Directions for this task. What is needed here is a faithful repeat of every entry, with no character changed.

• • • • • • •

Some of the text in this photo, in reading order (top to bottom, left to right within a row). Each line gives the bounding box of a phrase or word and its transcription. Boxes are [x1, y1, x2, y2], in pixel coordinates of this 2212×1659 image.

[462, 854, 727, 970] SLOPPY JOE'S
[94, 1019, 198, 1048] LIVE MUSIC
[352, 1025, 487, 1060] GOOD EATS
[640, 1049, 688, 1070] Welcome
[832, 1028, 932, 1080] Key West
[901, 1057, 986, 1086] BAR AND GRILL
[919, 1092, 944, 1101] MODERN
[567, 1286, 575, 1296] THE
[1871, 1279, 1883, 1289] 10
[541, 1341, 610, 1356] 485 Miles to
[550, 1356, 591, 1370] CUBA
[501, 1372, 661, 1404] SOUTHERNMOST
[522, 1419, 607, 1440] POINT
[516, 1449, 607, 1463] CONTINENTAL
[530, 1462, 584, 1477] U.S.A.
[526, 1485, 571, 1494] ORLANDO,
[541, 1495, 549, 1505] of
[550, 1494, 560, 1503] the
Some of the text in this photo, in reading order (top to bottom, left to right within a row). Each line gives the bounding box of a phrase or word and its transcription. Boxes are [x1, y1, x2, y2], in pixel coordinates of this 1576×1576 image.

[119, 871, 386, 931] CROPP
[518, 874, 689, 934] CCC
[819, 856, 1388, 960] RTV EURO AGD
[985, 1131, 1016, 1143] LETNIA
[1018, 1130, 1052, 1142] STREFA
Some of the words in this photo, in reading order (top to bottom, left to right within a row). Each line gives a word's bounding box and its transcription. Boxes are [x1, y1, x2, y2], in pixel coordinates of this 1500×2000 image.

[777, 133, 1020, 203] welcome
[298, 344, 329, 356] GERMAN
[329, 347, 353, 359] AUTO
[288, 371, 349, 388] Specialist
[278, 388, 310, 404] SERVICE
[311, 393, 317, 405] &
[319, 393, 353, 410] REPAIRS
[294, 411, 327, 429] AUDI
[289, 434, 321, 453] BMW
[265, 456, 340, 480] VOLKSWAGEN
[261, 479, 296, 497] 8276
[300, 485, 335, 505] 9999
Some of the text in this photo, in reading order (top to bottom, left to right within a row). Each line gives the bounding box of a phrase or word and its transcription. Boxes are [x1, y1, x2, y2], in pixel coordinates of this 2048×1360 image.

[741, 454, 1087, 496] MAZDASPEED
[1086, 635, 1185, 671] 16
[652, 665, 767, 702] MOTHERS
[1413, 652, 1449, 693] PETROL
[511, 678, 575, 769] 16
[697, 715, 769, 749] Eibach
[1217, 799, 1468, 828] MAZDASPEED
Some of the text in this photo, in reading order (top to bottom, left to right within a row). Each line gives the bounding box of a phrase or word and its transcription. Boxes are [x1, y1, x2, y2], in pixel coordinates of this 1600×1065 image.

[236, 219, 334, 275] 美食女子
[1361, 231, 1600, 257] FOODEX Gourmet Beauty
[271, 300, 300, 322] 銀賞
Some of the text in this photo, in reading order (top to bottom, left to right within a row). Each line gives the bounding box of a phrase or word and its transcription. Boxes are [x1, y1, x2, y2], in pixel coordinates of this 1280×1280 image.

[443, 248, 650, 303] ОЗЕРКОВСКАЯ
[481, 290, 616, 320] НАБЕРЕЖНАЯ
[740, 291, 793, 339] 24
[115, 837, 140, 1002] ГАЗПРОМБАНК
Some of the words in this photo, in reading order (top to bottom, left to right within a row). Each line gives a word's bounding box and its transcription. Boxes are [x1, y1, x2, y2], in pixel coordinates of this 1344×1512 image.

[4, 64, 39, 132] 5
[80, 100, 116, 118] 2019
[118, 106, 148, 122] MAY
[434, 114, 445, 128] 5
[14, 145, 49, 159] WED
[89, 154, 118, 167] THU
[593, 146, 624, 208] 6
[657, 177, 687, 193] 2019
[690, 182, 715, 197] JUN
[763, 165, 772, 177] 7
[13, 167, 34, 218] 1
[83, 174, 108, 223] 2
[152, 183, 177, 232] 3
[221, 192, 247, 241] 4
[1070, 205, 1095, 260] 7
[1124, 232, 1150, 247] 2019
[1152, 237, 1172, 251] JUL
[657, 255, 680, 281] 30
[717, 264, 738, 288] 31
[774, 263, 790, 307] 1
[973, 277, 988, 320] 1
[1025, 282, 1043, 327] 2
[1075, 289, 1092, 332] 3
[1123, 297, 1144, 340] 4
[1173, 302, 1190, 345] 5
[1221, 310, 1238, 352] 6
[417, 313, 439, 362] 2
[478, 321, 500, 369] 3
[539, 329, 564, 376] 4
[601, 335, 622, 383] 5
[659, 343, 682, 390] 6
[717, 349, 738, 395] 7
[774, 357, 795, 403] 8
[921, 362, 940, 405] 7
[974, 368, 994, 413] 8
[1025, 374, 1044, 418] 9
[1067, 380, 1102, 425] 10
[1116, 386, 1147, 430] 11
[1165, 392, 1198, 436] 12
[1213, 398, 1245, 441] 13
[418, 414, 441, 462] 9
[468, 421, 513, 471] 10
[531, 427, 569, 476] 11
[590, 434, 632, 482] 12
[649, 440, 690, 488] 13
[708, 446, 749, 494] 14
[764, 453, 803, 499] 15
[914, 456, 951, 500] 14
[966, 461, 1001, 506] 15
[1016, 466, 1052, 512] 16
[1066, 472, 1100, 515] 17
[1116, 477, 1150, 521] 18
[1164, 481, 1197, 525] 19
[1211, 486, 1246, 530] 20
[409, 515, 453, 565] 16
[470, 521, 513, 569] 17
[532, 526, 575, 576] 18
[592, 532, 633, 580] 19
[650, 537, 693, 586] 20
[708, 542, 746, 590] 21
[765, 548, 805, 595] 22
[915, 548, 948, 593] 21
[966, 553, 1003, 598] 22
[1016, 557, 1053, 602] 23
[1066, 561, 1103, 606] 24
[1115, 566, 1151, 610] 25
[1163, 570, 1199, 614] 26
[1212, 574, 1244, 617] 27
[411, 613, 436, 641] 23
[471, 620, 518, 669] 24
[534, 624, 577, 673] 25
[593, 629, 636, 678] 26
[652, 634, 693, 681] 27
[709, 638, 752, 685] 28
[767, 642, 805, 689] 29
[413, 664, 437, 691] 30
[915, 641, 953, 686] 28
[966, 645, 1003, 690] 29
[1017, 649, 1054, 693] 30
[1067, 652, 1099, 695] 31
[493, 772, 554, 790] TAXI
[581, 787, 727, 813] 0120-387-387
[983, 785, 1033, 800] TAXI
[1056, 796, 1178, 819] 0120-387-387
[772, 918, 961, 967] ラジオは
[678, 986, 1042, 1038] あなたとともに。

• • • • • • •

Response area.
Some of the text in this photo, in reading order (top to bottom, left to right within a row). Each line gives the bounding box of a phrase or word and its transcription. Boxes are [x1, y1, x2, y2], in pixel coordinates of this 2212×1659 image.

[462, 854, 727, 970] SLOPPY JOE'S
[94, 1019, 198, 1048] LIVE MUSIC
[352, 1025, 487, 1060] GOOD EATS
[640, 1049, 688, 1070] Welcome
[832, 1028, 932, 1080] Key West
[901, 1057, 986, 1086] BAR AND GRILL
[919, 1092, 944, 1101] MODERN
[567, 1286, 575, 1296] THE
[1871, 1279, 1883, 1289] 10
[541, 1341, 610, 1356] 485 Miles to
[550, 1356, 591, 1370] CUBA
[501, 1372, 661, 1404] SOUTHERNMOST
[522, 1419, 607, 1440] POINT
[516, 1449, 607, 1463] CONTINENTAL
[530, 1462, 584, 1477] U.S.A.
[526, 1485, 571, 1494] ORLANDO,
[541, 1495, 549, 1505] of
[550, 1494, 560, 1503] the
Some of the text in this photo, in reading order (top to bottom, left to right within a row). Each line gives the bounding box of a phrase or word and its transcription. Boxes are [x1, y1, x2, y2], in pixel coordinates of this 1576×1576 image.

[119, 871, 386, 931] CROPP
[518, 874, 689, 934] CCC
[819, 856, 1388, 960] RTV EURO AGD
[985, 1131, 1016, 1143] LETNIA
[1018, 1130, 1052, 1142] STREFA
Some of the words in this photo, in reading order (top to bottom, left to right within a row). Each line gives a word's bounding box and its transcription. Boxes are [x1, y1, x2, y2], in pixel coordinates of this 1500×2000 image.

[777, 133, 1020, 203] welcome
[298, 344, 329, 356] GERMAN
[329, 347, 353, 359] AUTO
[288, 371, 349, 388] Specialist
[278, 388, 310, 404] SERVICE
[311, 393, 317, 405] &
[319, 393, 353, 410] REPAIRS
[294, 411, 327, 429] AUDI
[289, 434, 321, 453] BMW
[265, 456, 340, 480] VOLKSWAGEN
[261, 479, 296, 497] 8276
[300, 485, 335, 505] 9999
Some of the text in this photo, in reading order (top to bottom, left to right within a row). Each line gives the bounding box of a phrase or word and its transcription. Boxes are [x1, y1, x2, y2], in pixel coordinates of this 2048×1360 image.

[741, 454, 1087, 496] MAZDASPEED
[1086, 635, 1185, 671] 16
[652, 665, 767, 702] MOTHERS
[1413, 652, 1449, 693] PETROL
[511, 678, 575, 769] 16
[697, 715, 769, 749] Eibach
[1217, 799, 1468, 828] MAZDASPEED
Some of the text in this photo, in reading order (top to bottom, left to right within a row). Each line gives the bounding box of a phrase or word and its transcription. Boxes are [x1, y1, x2, y2], in pixel coordinates of this 1600×1065 image.

[236, 219, 334, 275] 美食女子
[1361, 231, 1600, 257] FOODEX Gourmet Beauty
[271, 300, 300, 322] 銀賞
Some of the text in this photo, in reading order (top to bottom, left to right within a row). Each line gives the bounding box of a phrase or word and its transcription. Boxes are [x1, y1, x2, y2], in pixel coordinates of this 1280×1280 image.

[443, 248, 650, 303] ОЗЕРКОВСКАЯ
[481, 290, 616, 320] НАБЕРЕЖНАЯ
[740, 291, 793, 339] 24
[115, 837, 140, 1002] ГАЗПРОМБАНК
Some of the words in this photo, in reading order (top to bottom, left to right within a row). Each line gives a word's bounding box and its transcription. Boxes are [x1, y1, x2, y2], in pixel coordinates of this 1344×1512 image.

[4, 64, 39, 132] 5
[80, 100, 116, 118] 2019
[118, 106, 148, 122] MAY
[434, 114, 445, 128] 5
[14, 145, 49, 159] WED
[89, 154, 118, 167] THU
[593, 146, 624, 208] 6
[657, 177, 687, 193] 2019
[690, 182, 715, 197] JUN
[763, 165, 772, 177] 7
[13, 167, 34, 218] 1
[83, 174, 108, 223] 2
[152, 183, 177, 232] 3
[221, 192, 247, 241] 4
[1070, 205, 1095, 260] 7
[1124, 232, 1150, 247] 2019
[1152, 237, 1172, 251] JUL
[657, 255, 680, 281] 30
[717, 264, 738, 288] 31
[774, 263, 790, 307] 1
[973, 277, 988, 320] 1
[1025, 282, 1043, 327] 2
[1075, 289, 1092, 332] 3
[1123, 297, 1144, 340] 4
[1173, 302, 1190, 345] 5
[1221, 310, 1238, 352] 6
[417, 313, 439, 362] 2
[478, 321, 500, 369] 3
[539, 329, 564, 376] 4
[601, 335, 622, 383] 5
[659, 343, 682, 390] 6
[717, 349, 738, 395] 7
[774, 357, 795, 403] 8
[921, 362, 940, 405] 7
[974, 368, 994, 413] 8
[1025, 374, 1044, 418] 9
[1067, 380, 1102, 425] 10
[1116, 386, 1147, 430] 11
[1165, 392, 1198, 436] 12
[1213, 398, 1245, 441] 13
[418, 414, 441, 462] 9
[468, 421, 513, 471] 10
[531, 427, 569, 476] 11
[590, 434, 632, 482] 12
[649, 440, 690, 488] 13
[708, 446, 749, 494] 14
[764, 453, 803, 499] 15
[914, 456, 951, 500] 14
[966, 461, 1001, 506] 15
[1016, 466, 1052, 512] 16
[1066, 472, 1100, 515] 17
[1116, 477, 1150, 521] 18
[1164, 481, 1197, 525] 19
[1211, 486, 1246, 530] 20
[409, 515, 453, 565] 16
[470, 521, 513, 569] 17
[532, 526, 575, 576] 18
[592, 532, 633, 580] 19
[650, 537, 693, 586] 20
[708, 542, 746, 590] 21
[765, 548, 805, 595] 22
[915, 548, 948, 593] 21
[966, 553, 1003, 598] 22
[1016, 557, 1053, 602] 23
[1066, 561, 1103, 606] 24
[1115, 566, 1151, 610] 25
[1163, 570, 1199, 614] 26
[1212, 574, 1244, 617] 27
[411, 613, 436, 641] 23
[471, 620, 518, 669] 24
[534, 624, 577, 673] 25
[593, 629, 636, 678] 26
[652, 634, 693, 681] 27
[709, 638, 752, 685] 28
[767, 642, 805, 689] 29
[413, 664, 437, 691] 30
[915, 641, 953, 686] 28
[966, 645, 1003, 690] 29
[1017, 649, 1054, 693] 30
[1067, 652, 1099, 695] 31
[493, 772, 554, 790] TAXI
[581, 787, 727, 813] 0120-387-387
[983, 785, 1033, 800] TAXI
[1056, 796, 1178, 819] 0120-387-387
[772, 918, 961, 967] ラジオは
[678, 986, 1042, 1038] あなたとともに。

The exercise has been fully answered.